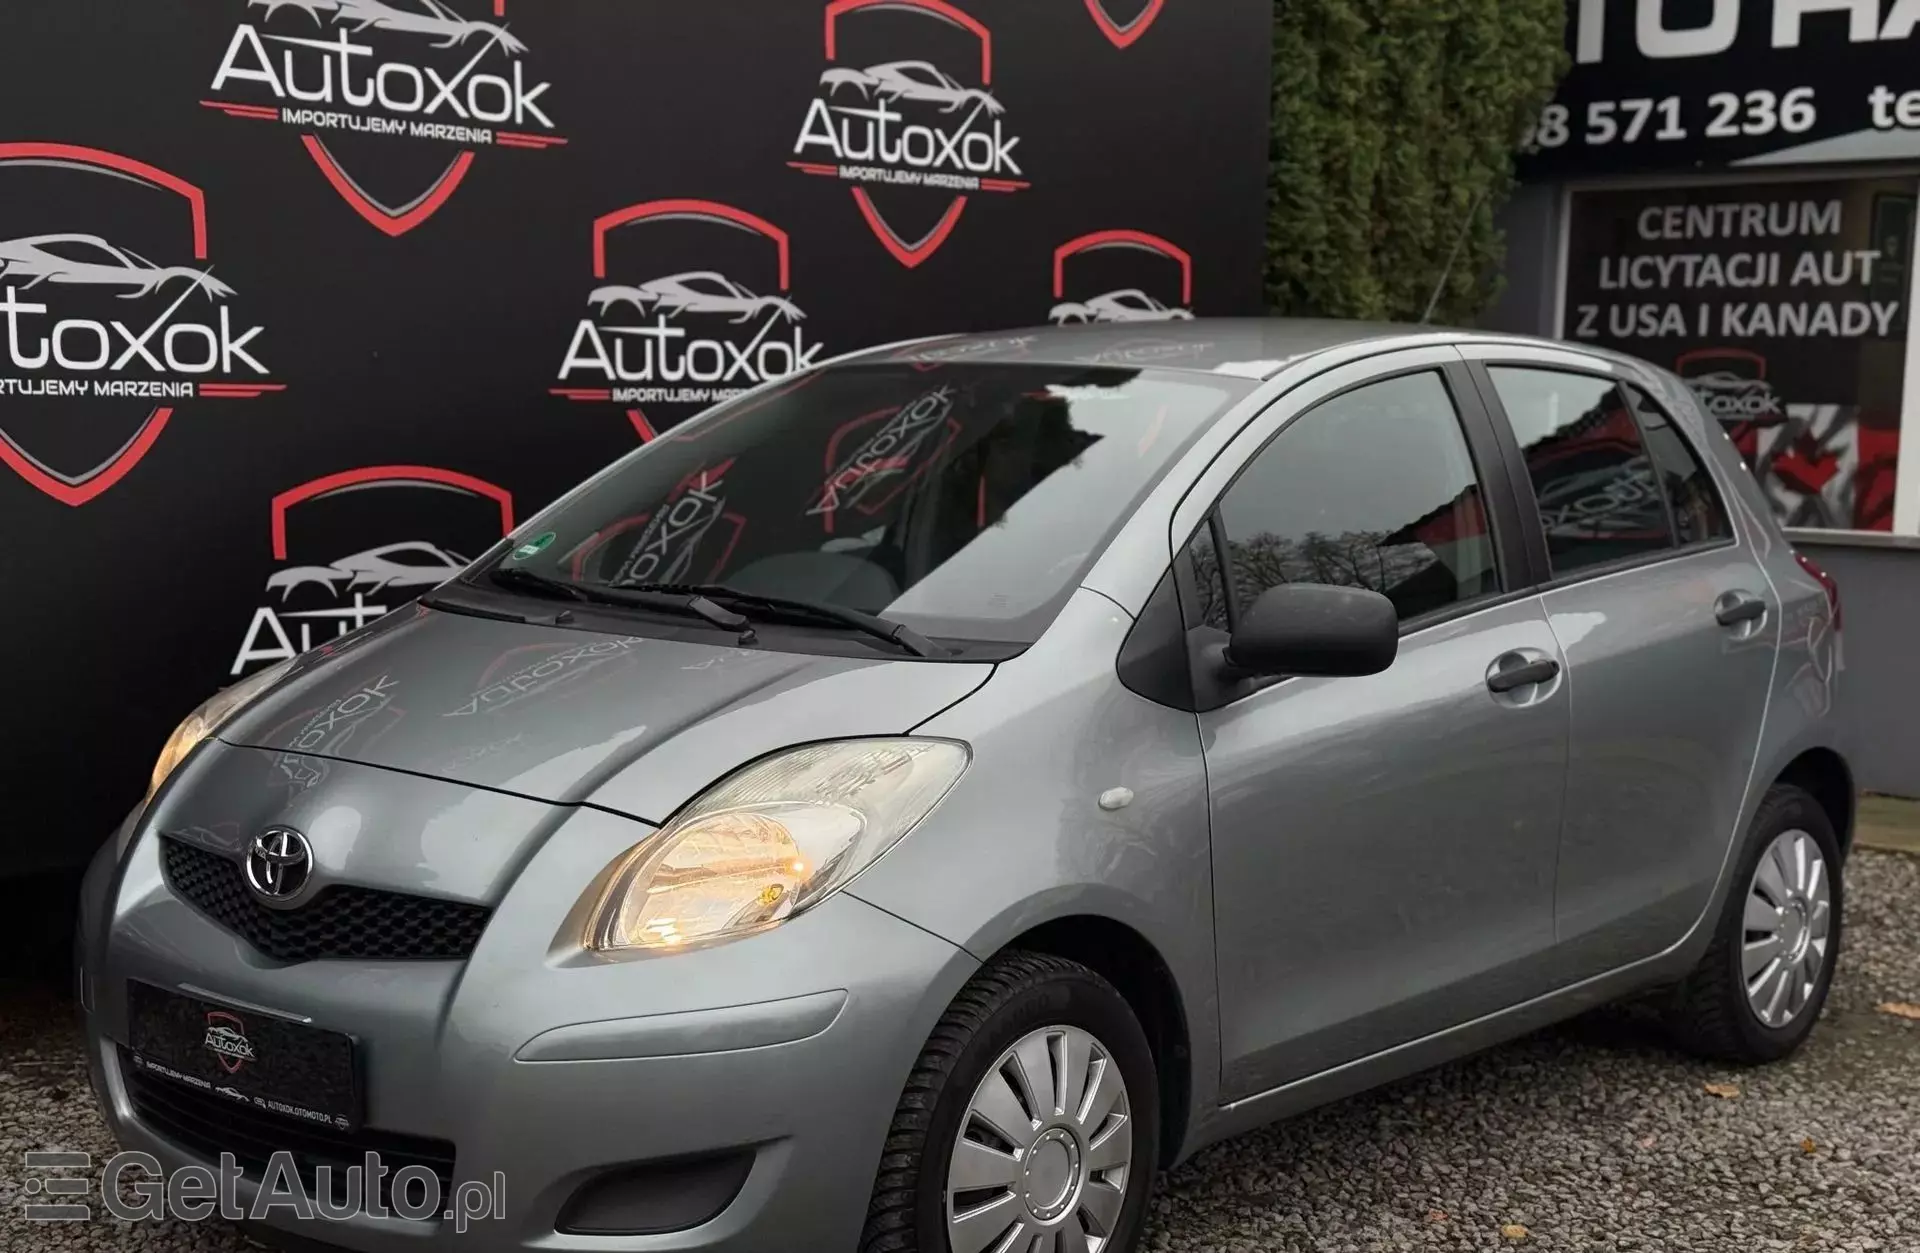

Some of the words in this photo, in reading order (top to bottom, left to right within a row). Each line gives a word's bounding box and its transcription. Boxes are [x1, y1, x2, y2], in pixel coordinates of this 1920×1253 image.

[211, 23, 555, 128] Autoxok
[282, 107, 407, 136] IMPORTUJEMY
[410, 122, 493, 144] MARZENIA
[794, 97, 1022, 175] Autoxok
[1522, 103, 1571, 148] 8
[1584, 96, 1687, 144] 571
[1705, 87, 1817, 138] 236
[838, 164, 922, 185] IMPORTUJEMY
[922, 173, 980, 190] MARZENIA
[1637, 200, 1842, 240] CENTRUM
[1599, 253, 1780, 289] LICYTACJI
[1789, 250, 1881, 286] AUT
[1576, 305, 1599, 338] Z
[1609, 303, 1688, 338] USA
[1697, 304, 1710, 335] I
[1720, 301, 1900, 337] KANADY
[557, 311, 824, 382] Autoxok
[0, 378, 89, 396] TUJEMY
[93, 380, 194, 398] MARZENIA
[611, 386, 711, 403] IMPORTUJEMY
[204, 1033, 255, 1058] Autoxok

--------

• Your assignment: The answer should be the complete listing, set down exactly, without pictures.

• Written response:
Some of the words in this photo, in reading order (top to bottom, left to right within a row). Each line gives a word's bounding box and its transcription. Boxes are [x1, y1, x2, y2], in pixel coordinates of this 1920×1253 image.

[211, 23, 555, 128] Autoxok
[282, 107, 407, 136] IMPORTUJEMY
[410, 122, 493, 144] MARZENIA
[794, 97, 1022, 175] Autoxok
[1522, 103, 1571, 148] 8
[1584, 96, 1687, 144] 571
[1705, 87, 1817, 138] 236
[838, 164, 922, 185] IMPORTUJEMY
[922, 173, 980, 190] MARZENIA
[1637, 200, 1842, 240] CENTRUM
[1599, 253, 1780, 289] LICYTACJI
[1789, 250, 1881, 286] AUT
[1576, 305, 1599, 338] Z
[1609, 303, 1688, 338] USA
[1697, 304, 1710, 335] I
[1720, 301, 1900, 337] KANADY
[557, 311, 824, 382] Autoxok
[0, 378, 89, 396] TUJEMY
[93, 380, 194, 398] MARZENIA
[611, 386, 711, 403] IMPORTUJEMY
[204, 1033, 255, 1058] Autoxok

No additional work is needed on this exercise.